● **REQUIRED WORK**
Reproduce the entries verbatim; no pictures.

● **DATA FOR REVIEW**

━━━━━━

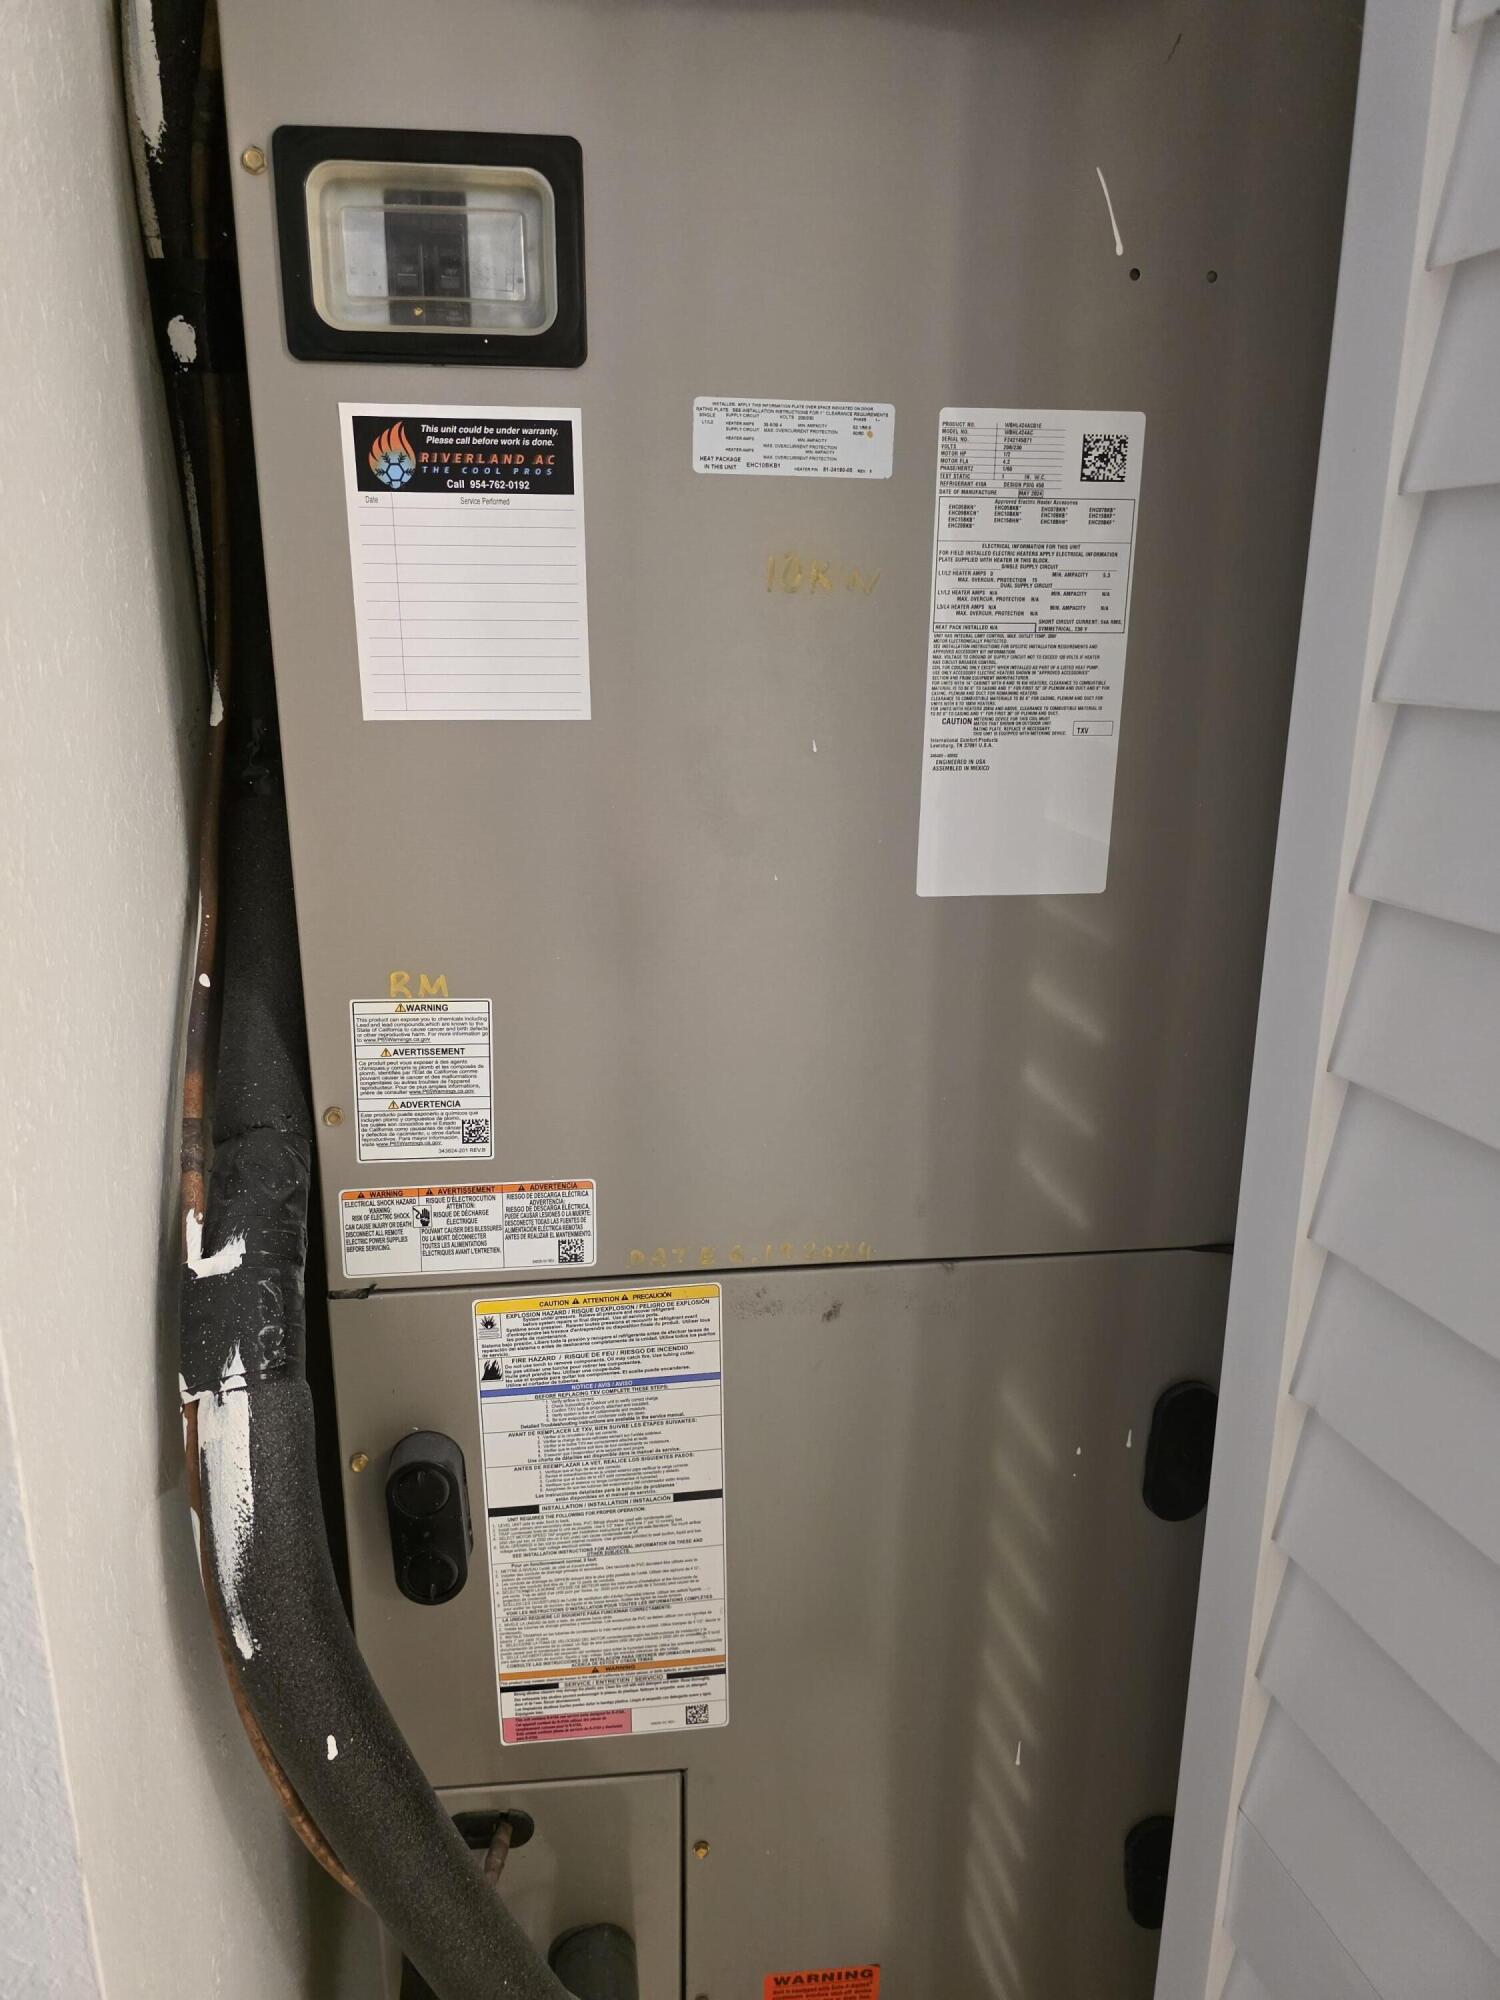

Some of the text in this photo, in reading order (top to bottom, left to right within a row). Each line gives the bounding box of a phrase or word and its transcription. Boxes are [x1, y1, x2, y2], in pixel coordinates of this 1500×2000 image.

[421, 425, 558, 436] This unit could be under warranty.
[426, 437, 453, 445] Please
[456, 437, 470, 445] call
[472, 437, 498, 445] before
[500, 438, 520, 446] work
[532, 438, 554, 446] done.
[420, 453, 555, 465] RIVERLAND AC
[447, 480, 530, 489] Call 954-762-0192
[390, 971, 448, 998] RM
[400, 1100, 461, 1108] ADVERTENCIA
[633, 1292, 672, 1300] PRECAUCIÓN
[633, 1495, 671, 1503] INSTALACIÓN
[774, 1969, 873, 1985] WARNING
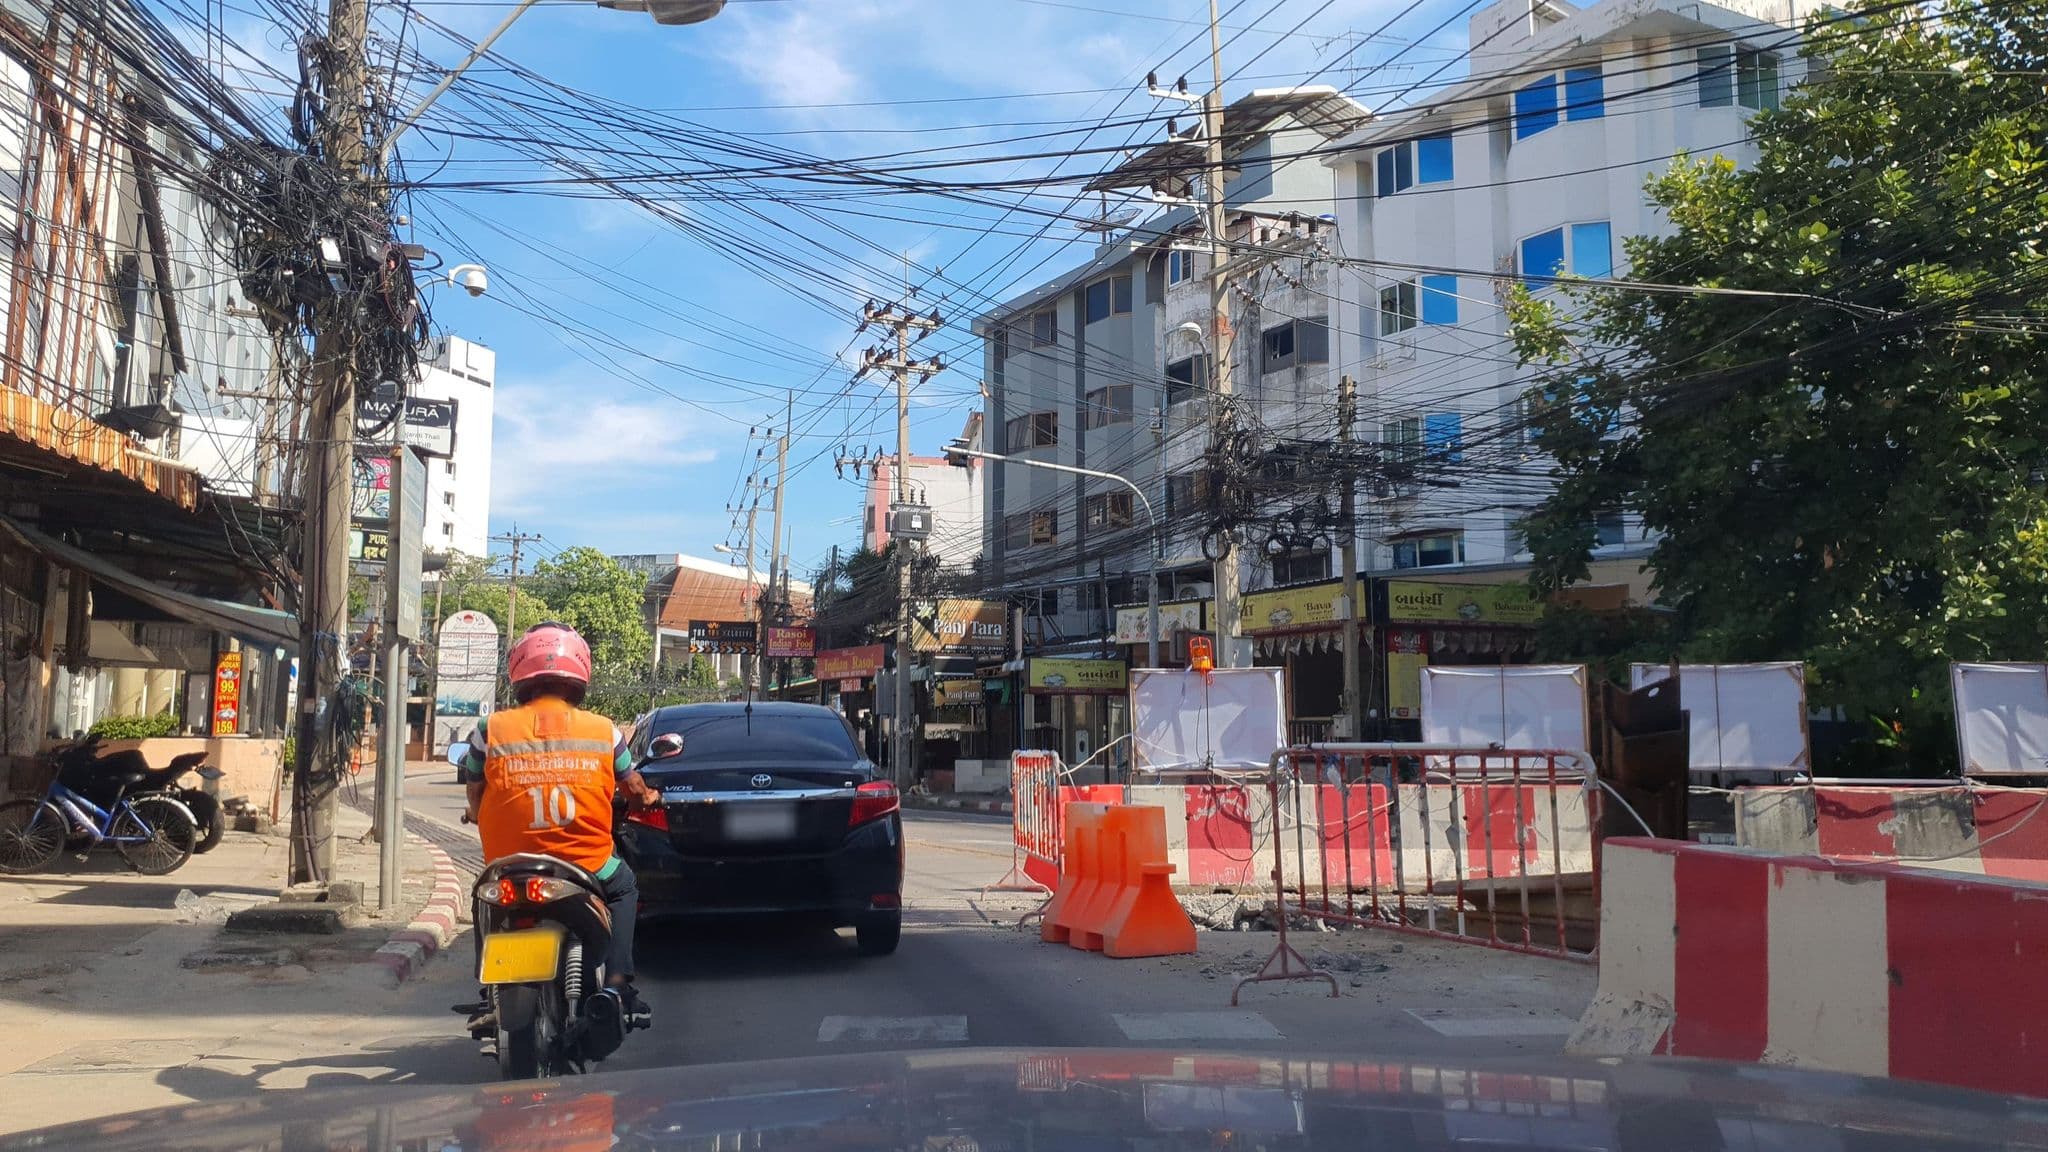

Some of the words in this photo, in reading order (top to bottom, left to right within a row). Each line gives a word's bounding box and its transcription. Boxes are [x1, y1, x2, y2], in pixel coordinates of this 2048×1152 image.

━━━━━━

● **EXERCISE ANSWER**
Some of the text in this photo, in reading order (top to bottom, left to right within a row). Each line gives the bounding box of a phrase or word and its transcription. Boxes are [x1, y1, x2, y2], in pixel coordinates of this 1500×2000 image.

[421, 425, 558, 436] This unit could be under warranty.
[426, 437, 453, 445] Please
[456, 437, 470, 445] call
[472, 437, 498, 445] before
[500, 438, 520, 446] work
[532, 438, 554, 446] done.
[420, 453, 555, 465] RIVERLAND AC
[447, 480, 530, 489] Call 954-762-0192
[390, 971, 448, 998] RM
[400, 1100, 461, 1108] ADVERTENCIA
[633, 1292, 672, 1300] PRECAUCIÓN
[633, 1495, 671, 1503] INSTALACIÓN
[774, 1969, 873, 1985] WARNING

Some of the words in this photo, in reading order (top to bottom, left to right within a row). Each line gives a word's bounding box and its transcription. Boxes are [x1, y1, x2, y2], in pixel coordinates of this 2048×1152 image.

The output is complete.